Maybe he was trying to prepare us for what we would see if we ever reached the temple?

At least when you weren't faced with damaging sights burned into your retinas, the view was quite nice:



And I have to admit, what we saw when we finally reached the top was even better.



With the same pride (but less sag) than the old man enjoying his morning hike au natural, this Indian god built hundreds of years ago and is still a towering sight to behold. Attended to by temple priests offering blessings to passing tourists and the faithful gathered in the courtyard to sing praises, he looks out upon his domain with a cool, unfeeling gaze.

- Halebidu, India -


In my opinion, this is the hidden gem of India. This temple was nearly as breathtaking as the Taj Mahal, and it's a shame that it doesn't get the attention it deserves. Imagine the detail of the Sagrada Familia in Barcelona, multiply it, and apply it to the interior and exterior of a great Indian temple tucked away in a (relatively) small town. 


What's even more incredible is that every single statue in the entire building is unique, and there are thousands of them throughout (this picture above is only one small portion of the entire temple, pictured below). My favorites were, of course, the elephants marching along the bottom column with each one striking a different pose (though the kama sutra carvings also proved interesting).

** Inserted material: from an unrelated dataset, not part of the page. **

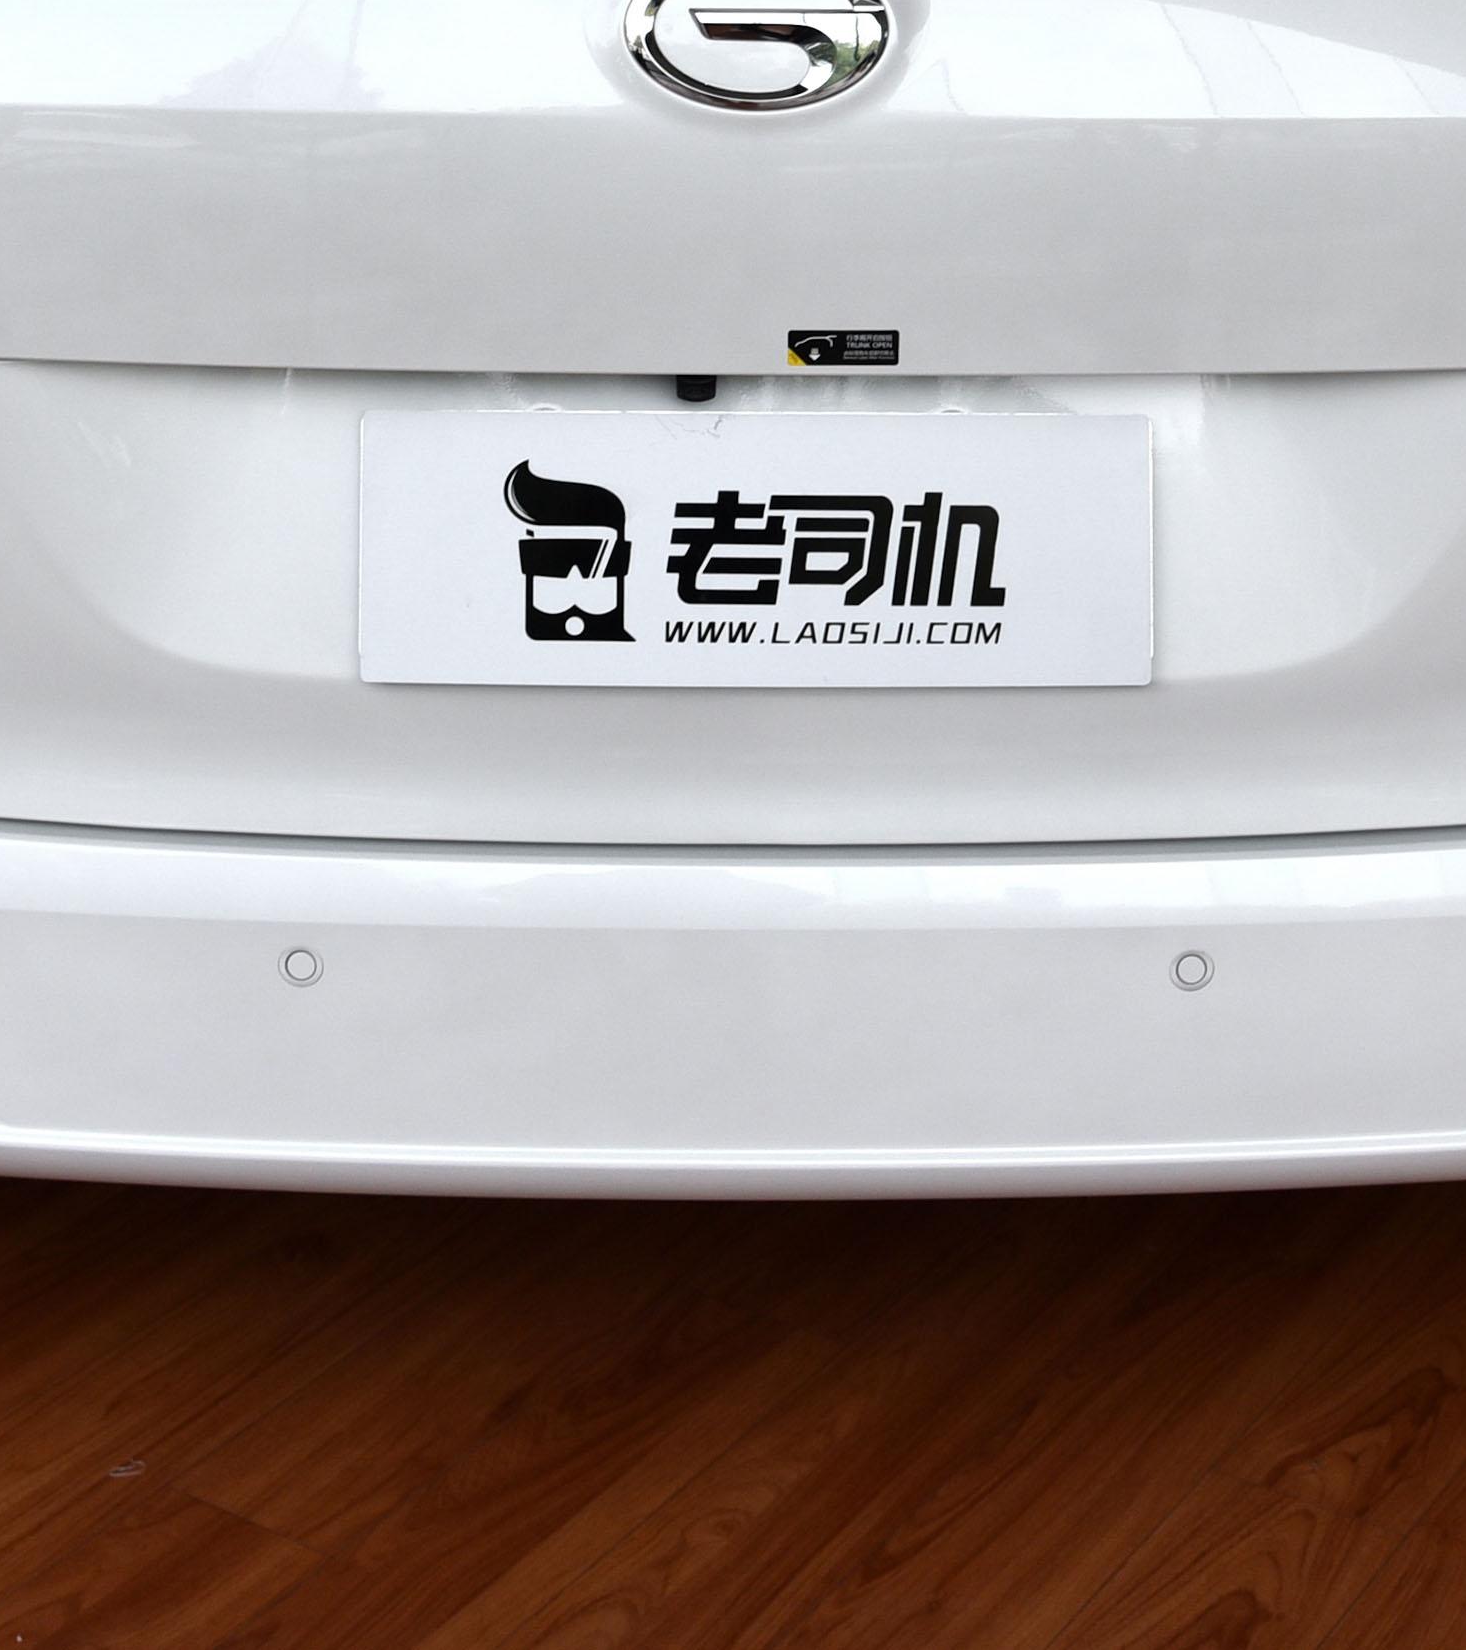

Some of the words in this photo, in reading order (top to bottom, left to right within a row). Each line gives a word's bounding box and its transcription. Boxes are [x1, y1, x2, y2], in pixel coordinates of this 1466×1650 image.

[846, 341, 871, 349] TRUNK
[872, 341, 893, 349] OPEN
[665, 490, 1007, 607] 老司机
[664, 620, 1003, 645] WWW.LAOSIJI.COM

They say this temple is incomplete, which explains the lack of an ornate roof and why some portions of the decoration are left untouched. But archeologists have offered a different explanation as to why there are spaces of stone without statues: it's a challenge to the next generation, to see if they can match the talent of the craftsmen who built this temple.

It raises an interesting question: If we were compared to our ancestors, all things held equal, how would we compare?

Tuesday, July 10, 2012

Sorry...

I haven't posted in a long time, but I haven't dropped off the face of the earth, promise.

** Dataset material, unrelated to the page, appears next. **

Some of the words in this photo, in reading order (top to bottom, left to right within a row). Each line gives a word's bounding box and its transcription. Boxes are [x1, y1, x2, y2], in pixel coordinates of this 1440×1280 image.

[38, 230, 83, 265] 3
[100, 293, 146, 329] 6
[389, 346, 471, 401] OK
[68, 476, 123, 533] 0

I'll make up for it over the next few days, so stay tuned - there's incredible sights and experiences in store


Hampi, India

Monday, June 11, 2012

Acclimating

After three weeks of near starvation and more Domino's pizza than I care to think about, I have finally developed a strong tolerance to spice. 

Doesn't mean I particularly like doing that to my poor taste buds, but at least I can handle it now :) 

While I'm eating lots of food and have no idea what it is/what it's called, there is one thing I've really enjoyed: kerola parotha (specifically the parotha). Mmmmmm


Sunday, June 10, 2012

Checking an item off my bucket list: The Indian Wedding

I'm still reeling from this weekend and the fact that I was invited to participate in a South Indian wedding, in India. I would have been happy to attend one in the states, but this was just incredible :D

While speaking with a coworker, I mentioned the three wishes I would want granted while in India: to see the Taj Mahal, ride an elephant in Jaipur, and attend a wedding. To my surprise, she mentioned that she and her family were going to one that weekend, and would I like to come?

Well, who wouldn't?

That's how I found myself wrapped in 9 yards of light blue fabric, decked out with bangles, gold jewelry, and a bindi. We traveled to Sneha's house and, after meeting her husband, parents-in-law, 9 month old son, and 94 year old grandmother (who all attended the festivities), we tried on saris. Despite feeling a bit like a burrito wrapped in all that fabric, I was thrilled and we set off. 

We arrived at the venue, and the first thing I noticed was all the colors. Now India in general is one of the most colorful places I've ever been (it's because people got sick of the bland desert after a few hundred years, according to the locals), but this was a whole new level. The second thing your senses are assaulted with is smell, and you realize all that color is from fresh flowers. I mean, thousands of flowers. Everything is decorated to the nines with beautiful bouquets, which are hung near the entrance, arranged in walkways, given as gifts to the groom, draped around the necks of important members of the wedding party (I somehow got one myself despite not even knowing the families that were getting married), and in every other part of the ceremony you can imagine. 

I wish I could recount for you every detail of the rituals, but there is no way to give justice to the grin on the new couples' face as the groom ties the knot on a necklace for the bride three time and they are married, doused in rice with turmeric, flowers, and beads. It was an arranged marriage, but neither the bride nor groom seemed particularly unhappy. Maybe a bit bored at times, but they performed about 20 hours of rituals over the course of two days. I don't really blame them. Everyone else attending the marriage was equally distracted - nobody besides me was watching the ceremony with rapt attention - and they were all milling about, chatting with their sister's cousin's brother's aunt. No one even so much as blinked when the transgender cross-dresser came in and threw a nasty hissy fit over not being paid immediately (it's actually auspicious to have a man dressed in a sari bless a new couple, and they are often paid to attend the nuptials) despite being in the middle of a complicated ceremony. 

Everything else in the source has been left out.